Novel Tumor Suppressor PTPRA Regulates GDNF-Dependent RET Signaling and Inhibits the RET Mutant MEN2A Oncogenic Potential

The RET proto-oncogene encodes receptor tyrosine kinase expressed primarily in tissues of neural crest origin. De-regulation of RET signaling is implicated in several human cancers. Recent phosphatome interactome analysis identified PTPRA interacting with the neurotrophic factor (GDNF)-dependent RET-Ras-MAPK signaling-axis. Here, by identifying comprehensive interactomes of PTPRA and RET, we reveal their close physical and functional role.
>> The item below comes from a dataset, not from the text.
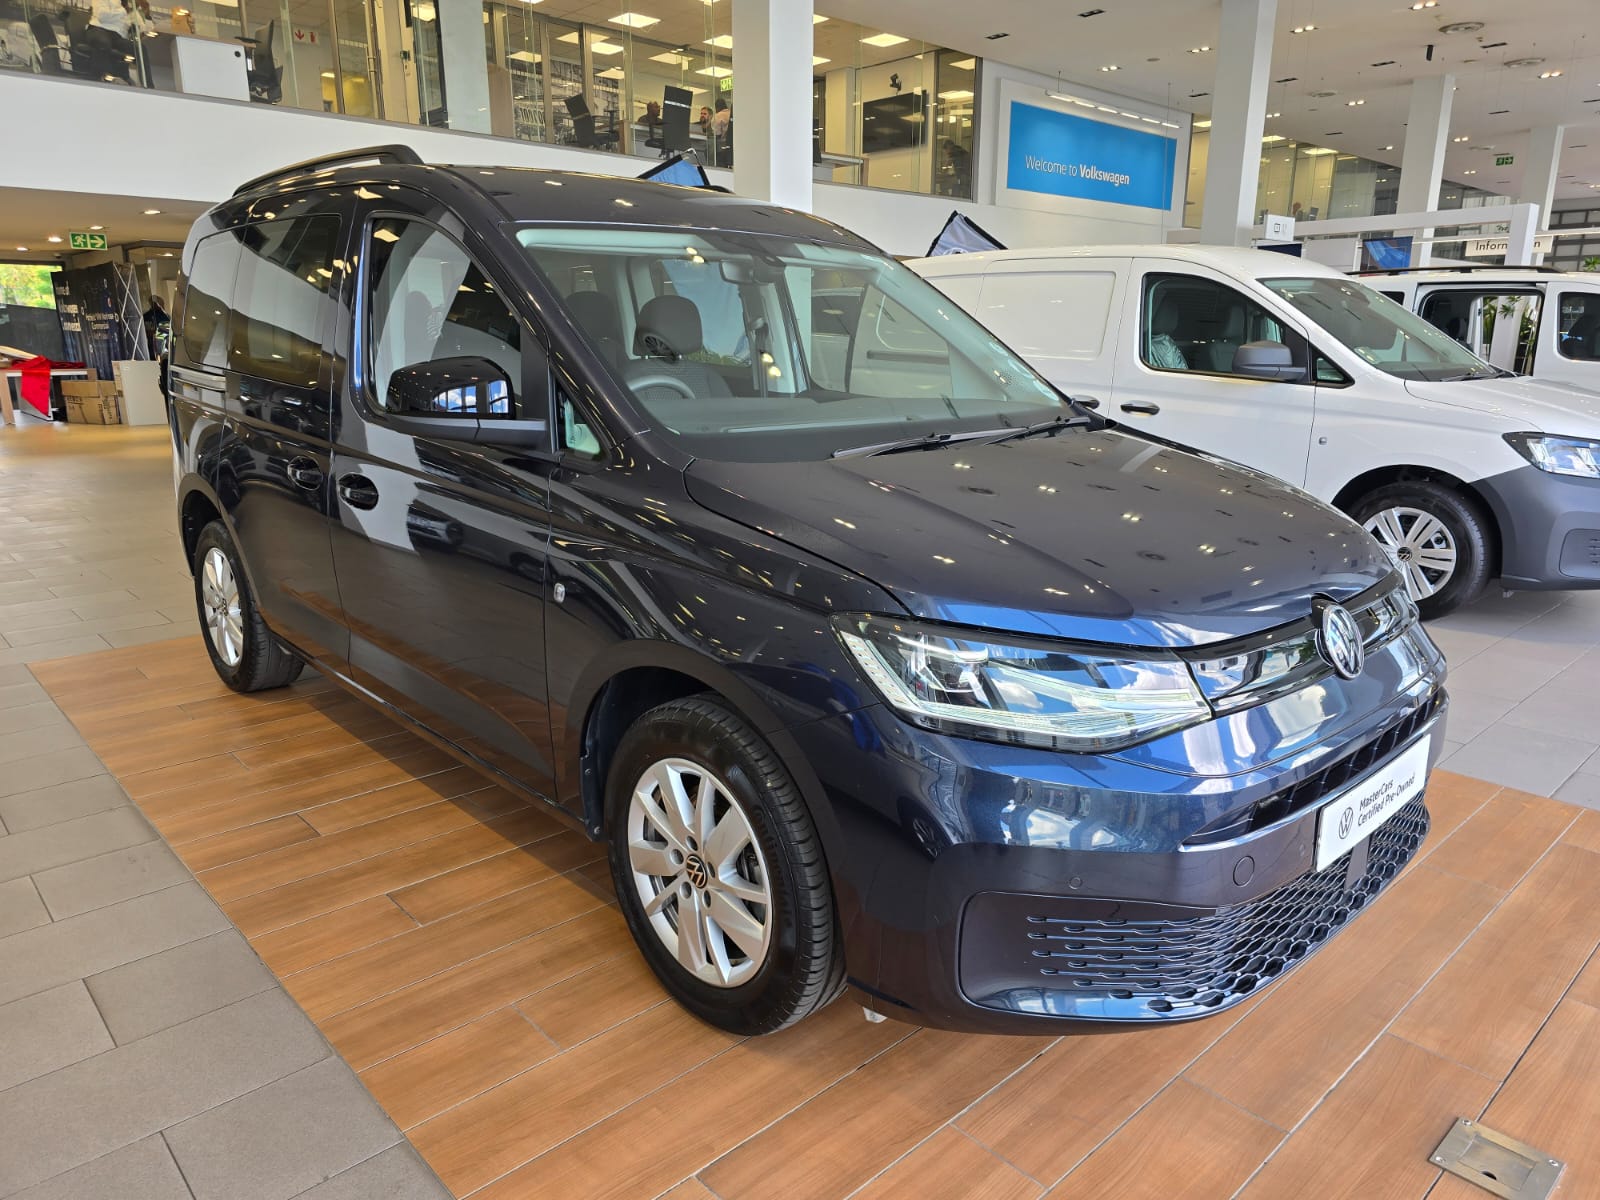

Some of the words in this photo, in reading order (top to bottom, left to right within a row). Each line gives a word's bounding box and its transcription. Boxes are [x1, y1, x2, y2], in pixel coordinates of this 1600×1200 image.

The PTPRA directly interacts with RET and using an in vitro phosphatase assay coupled to mass spectrometry we identify RET as a direct dephosphorylation substrate of PTPRA. The protein phosphatase domain-1 is indispensable for the PTPRA inhibitory role on RET activity and Ras-MAPK signaling, whereas domain-2 has only minor effect. Furthermore, PTPRA also regulates the RET oncogenic mutant variant MEN2A activity and invasion capacity, whereas the MEN2B is insensitive to PTPRA. In sum, we identify PTPRA as novel tumor suppressor regulating the RET signaling in both health and cancer.